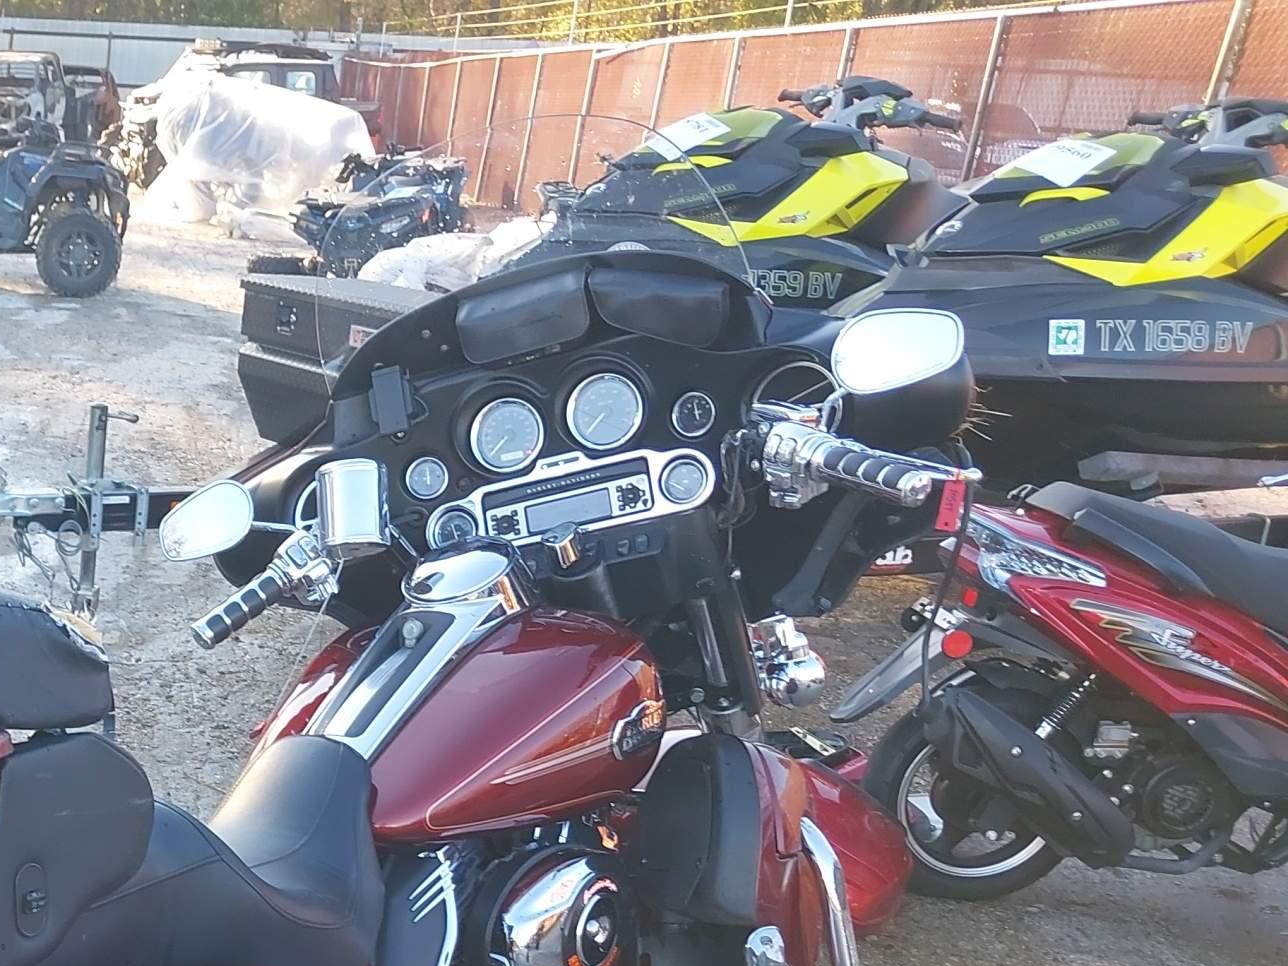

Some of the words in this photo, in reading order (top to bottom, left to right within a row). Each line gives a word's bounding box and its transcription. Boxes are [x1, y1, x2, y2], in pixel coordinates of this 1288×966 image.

[807, 270, 843, 300] BV
[1096, 319, 1136, 352] TX
[1143, 319, 1210, 353] 1658
[1213, 320, 1254, 354] BV
______________________________
**WHAT NEEDS TO BE DONE**.
A verbatim transcript of the entries above is required, with the pictures left out.

**WRITTEN RESPONSE**.
Some of the words in this photo, in reading order (top to bottom, left to right within a row). Each line gives a word's bounding box and its transcription. Boxes are [x1, y1, x2, y2], in pixel coordinates of this 1288×966 image.

[807, 270, 843, 300] BV
[1096, 319, 1136, 352] TX
[1143, 319, 1210, 353] 1658
[1213, 320, 1254, 354] BV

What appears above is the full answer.